Donna Dodson: Elephant Tribe
November 11-December 20, 2009*
* Extended until December 24, 2009
Opening reception: Saturday November 14th, 3-5pm
SOWA First Friday Reception: December 4th, 5-8pm
Gallery hours: Wednesday-Sunday, 12pm-6pm
Boston Sculptors Gallery is pleased to present ‘Elephant Tribe:’ Donna Dodson’s first solo exhibition of her carved wooden sculptures. This show presents 16 different interpretations of an elephant headed female form. For Dodson, the elephant represents power, sensitivity, strength, and wisdom. These feminine archetypes or goddess figures represent her vision of womankind.
The Hindu elephant god Ganesh inspires Dodson’s work but all of her figures are female. Her studies of African sculptures and Native American totems inform her elephants. In the process of carving, the ears are developed realistically but in the form, Dodson implies headdresses, helmets and hair-dos. Dodson’s monolithic and serene sculptures are enhanced by the use of paint whereby color transforms wood sections into objects such as tusks, gloves and hair.
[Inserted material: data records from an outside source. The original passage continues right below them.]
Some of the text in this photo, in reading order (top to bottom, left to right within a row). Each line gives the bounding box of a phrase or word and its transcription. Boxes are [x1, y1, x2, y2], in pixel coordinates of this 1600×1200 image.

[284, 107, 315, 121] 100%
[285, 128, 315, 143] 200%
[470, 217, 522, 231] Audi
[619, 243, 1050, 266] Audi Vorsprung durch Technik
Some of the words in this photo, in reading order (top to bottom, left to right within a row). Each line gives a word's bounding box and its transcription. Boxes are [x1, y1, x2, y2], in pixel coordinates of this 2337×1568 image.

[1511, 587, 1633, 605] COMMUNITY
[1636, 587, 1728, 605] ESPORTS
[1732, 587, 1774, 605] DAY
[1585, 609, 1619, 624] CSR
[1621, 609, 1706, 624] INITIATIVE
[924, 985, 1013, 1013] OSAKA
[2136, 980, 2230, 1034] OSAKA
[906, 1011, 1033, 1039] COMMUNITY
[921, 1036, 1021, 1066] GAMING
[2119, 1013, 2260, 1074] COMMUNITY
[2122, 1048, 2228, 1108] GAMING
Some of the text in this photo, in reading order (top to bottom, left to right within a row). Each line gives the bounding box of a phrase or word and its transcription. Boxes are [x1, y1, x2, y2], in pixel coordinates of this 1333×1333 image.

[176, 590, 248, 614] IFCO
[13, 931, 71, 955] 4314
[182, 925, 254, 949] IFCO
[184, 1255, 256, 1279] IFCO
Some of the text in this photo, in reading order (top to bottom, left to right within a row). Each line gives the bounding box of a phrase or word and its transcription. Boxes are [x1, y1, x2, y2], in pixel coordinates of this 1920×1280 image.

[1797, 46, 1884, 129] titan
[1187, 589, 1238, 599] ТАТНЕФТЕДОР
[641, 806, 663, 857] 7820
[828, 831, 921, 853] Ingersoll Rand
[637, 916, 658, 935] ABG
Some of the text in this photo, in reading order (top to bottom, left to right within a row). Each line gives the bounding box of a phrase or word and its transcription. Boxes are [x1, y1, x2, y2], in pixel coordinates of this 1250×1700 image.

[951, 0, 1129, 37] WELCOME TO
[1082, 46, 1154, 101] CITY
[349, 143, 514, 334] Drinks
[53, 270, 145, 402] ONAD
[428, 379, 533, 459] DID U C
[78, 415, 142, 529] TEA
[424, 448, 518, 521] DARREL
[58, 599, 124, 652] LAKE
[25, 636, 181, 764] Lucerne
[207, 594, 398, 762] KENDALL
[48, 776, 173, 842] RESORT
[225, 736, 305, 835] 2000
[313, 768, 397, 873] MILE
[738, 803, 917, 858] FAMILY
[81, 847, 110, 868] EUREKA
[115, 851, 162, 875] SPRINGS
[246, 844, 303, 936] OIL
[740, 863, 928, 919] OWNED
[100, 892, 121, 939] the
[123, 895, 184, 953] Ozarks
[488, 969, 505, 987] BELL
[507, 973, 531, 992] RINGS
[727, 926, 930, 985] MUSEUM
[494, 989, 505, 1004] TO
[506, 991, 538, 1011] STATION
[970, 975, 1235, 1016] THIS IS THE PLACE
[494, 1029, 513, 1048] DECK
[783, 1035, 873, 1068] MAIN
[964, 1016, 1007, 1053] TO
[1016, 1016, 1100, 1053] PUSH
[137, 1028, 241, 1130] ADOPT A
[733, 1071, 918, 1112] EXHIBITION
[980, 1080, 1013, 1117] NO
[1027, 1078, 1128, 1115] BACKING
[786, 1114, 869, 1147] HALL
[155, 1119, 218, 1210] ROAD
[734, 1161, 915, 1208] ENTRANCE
Dodson is inspired by Jessica Stockholder’s interplay of color and form in her art work as well as Cynthia Moss’s field studies of African elephants. The sculptures of Deborah Butterfield, Daisy Youngblood, Magdalena Abakanowicz, Elizabeth Catlett and Rona Pondick influence her style.
Dodson uses logs of osage orange from her grandfather’s farm in Illinois, and ash, pine, and maple from New England. Each piece of wood speaks to the artist in a different voice. She sculpts with a chainsaw and a belt sander as well as chisels, rasps, and files. The wood’s surfaces are smoothed out with sandpaper, colored with paint or pigment and finished in varnish and wax. Her pieces range from one to four feet tall, and one to two feet in diameter. These iconic goddesses are crafted in the manner of fine woodworking similar to the sculptures of Brancusi, Moore, and Puryear. They are unique objects and each piece has a magical presence.
Donna Dodson graduated cum laude from Wellesley College in 1990 with a Bachelor of Arts. Her pre-med studies and her passion for Egyptian art led her to study wood sculpture with Joseph Wheelwright at his studio in Boston in 1995 and then stone sculpture at the Carving Studio in Vermont. She continued her studies in sculpture with Peter Haines at his studio in Cambridge where she learned how to abstract and resolve bronze forms. Since 2000, Dodson has been honored with solo shows in New York, New Hampshire, Vermont, Kansas, Rhode Island and Massachusetts. Dodson enjoys public speaking, and has been a guest speaker in conferences, panels and forums at the Boston Public Library, University of Rhode Island, School of Visual Art and Stonehill College. In May 2007 she started the Art Salon Boston at her studio to meet artists of all disciplines and host monthly conversations on topics of interest to artists in Boston and beyond.
Elephant tribe will be shown concurrently with the sculpture of Peter DeCamp Haines.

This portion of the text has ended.